YOUR GOAL
Restate the listing below line for line and word for word, without the pictures.

====

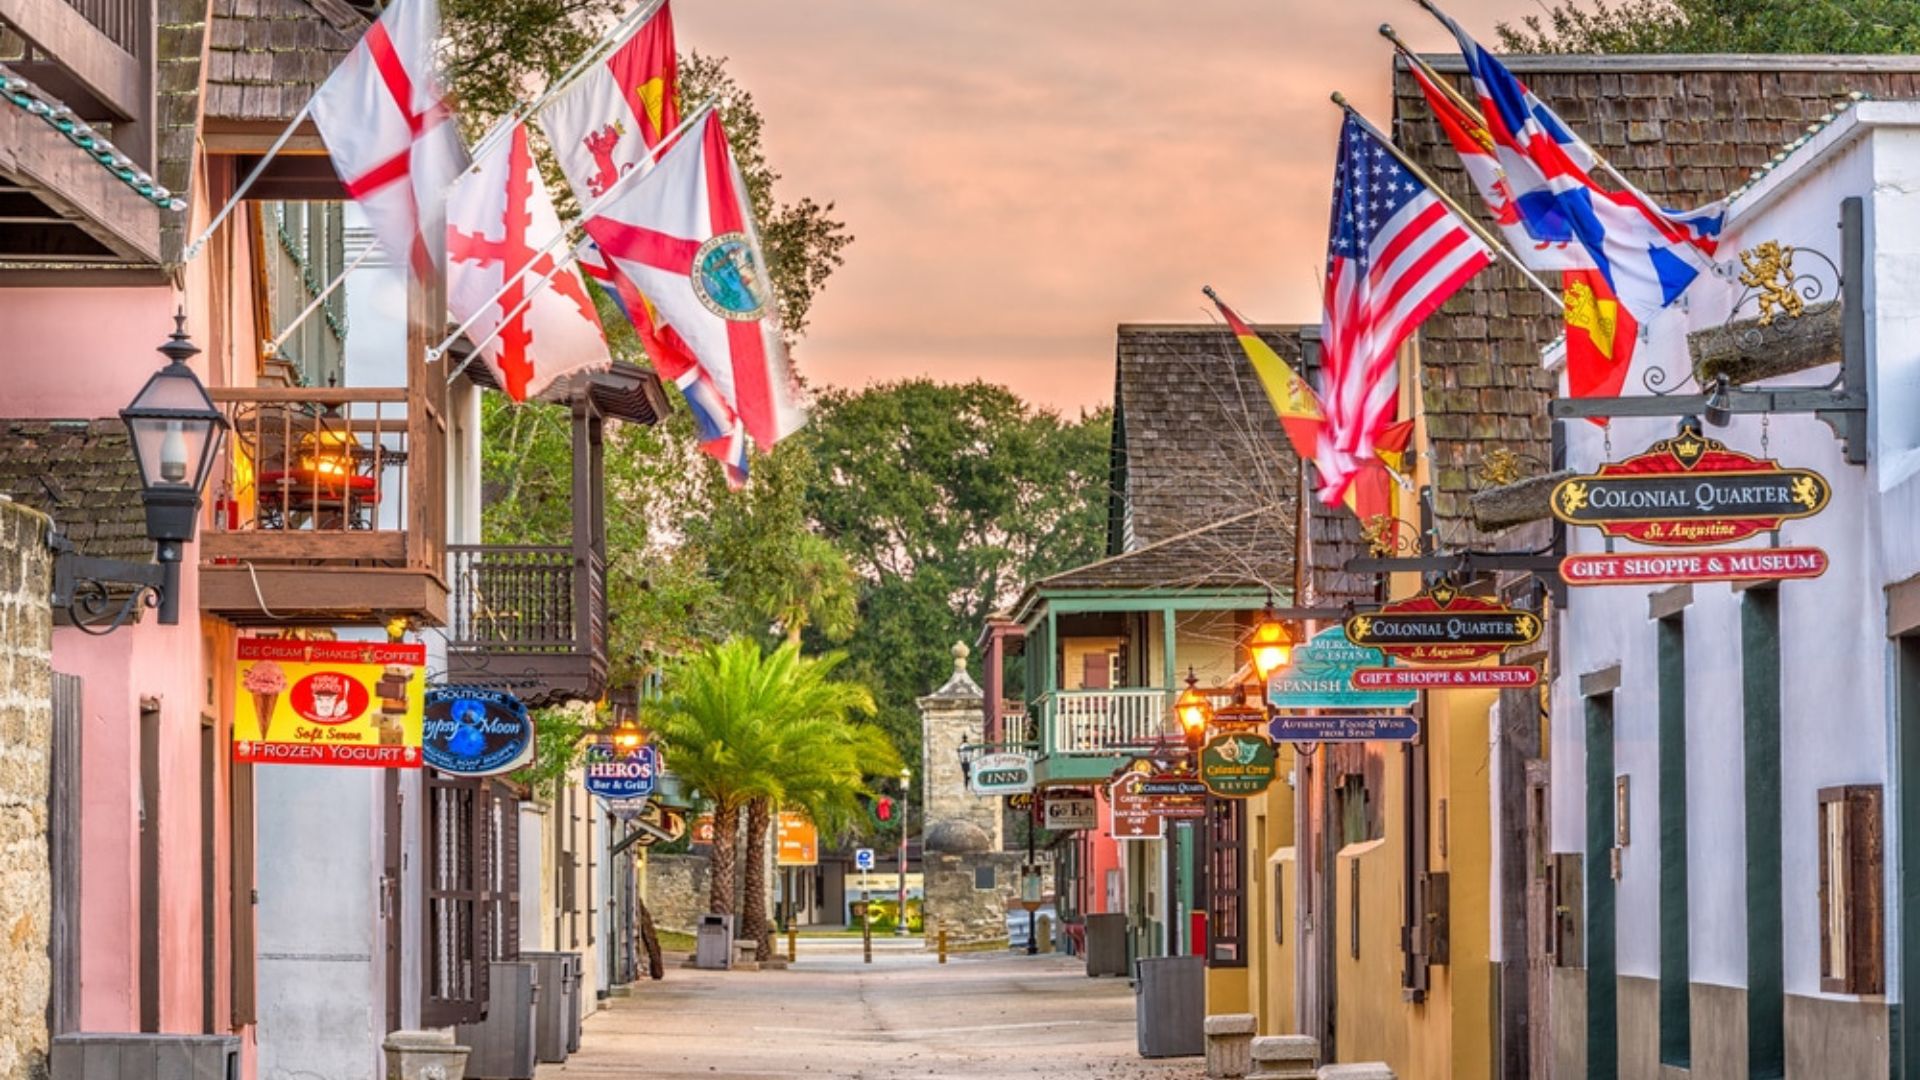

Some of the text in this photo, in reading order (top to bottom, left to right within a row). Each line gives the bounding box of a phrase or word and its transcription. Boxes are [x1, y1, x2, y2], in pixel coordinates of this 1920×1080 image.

[1589, 482, 1790, 511] COLONIAL QUARTER
[1644, 521, 1736, 539] St. Augustine
[1572, 554, 1817, 576] GIFT SHOPPE & MUSEUM
[1372, 618, 1514, 638] COLONIAL QUARTER
[241, 644, 419, 662] ICE CREAM SHAKES COFFEE
[1429, 646, 1475, 658] Augustine
[1360, 670, 1531, 684] GIFT SHOPPE & MUSEUM
[1273, 680, 1341, 692] SPANISH
[437, 690, 502, 702] BOUTIQUE
[480, 717, 521, 734] Moon
[1282, 719, 1336, 729] AUTHENTIC
[1378, 719, 1405, 729] WINE
[294, 727, 362, 742] Soft Serve
[1319, 729, 1375, 738] FROM SPAIN
[252, 744, 400, 761] FROZEN YOGURT
[590, 763, 651, 778] HEROS
[593, 780, 648, 789] Bar & Grill
[987, 772, 1019, 784] INN
[1220, 782, 1259, 790] REVUE

====

EXERCISE OUTPUT
Some of the text in this photo, in reading order (top to bottom, left to right within a row). Each line gives the bounding box of a phrase or word and its transcription. Boxes are [x1, y1, x2, y2], in pixel coordinates of this 1920×1080 image.

[1589, 482, 1790, 511] COLONIAL QUARTER
[1644, 521, 1736, 539] St. Augustine
[1572, 554, 1817, 576] GIFT SHOPPE & MUSEUM
[1372, 618, 1514, 638] COLONIAL QUARTER
[241, 644, 419, 662] ICE CREAM SHAKES COFFEE
[1429, 646, 1475, 658] Augustine
[1360, 670, 1531, 684] GIFT SHOPPE & MUSEUM
[1273, 680, 1341, 692] SPANISH
[437, 690, 502, 702] BOUTIQUE
[480, 717, 521, 734] Moon
[1282, 719, 1336, 729] AUTHENTIC
[1378, 719, 1405, 729] WINE
[294, 727, 362, 742] Soft Serve
[1319, 729, 1375, 738] FROM SPAIN
[252, 744, 400, 761] FROZEN YOGURT
[590, 763, 651, 778] HEROS
[593, 780, 648, 789] Bar & Grill
[987, 772, 1019, 784] INN
[1220, 782, 1259, 790] REVUE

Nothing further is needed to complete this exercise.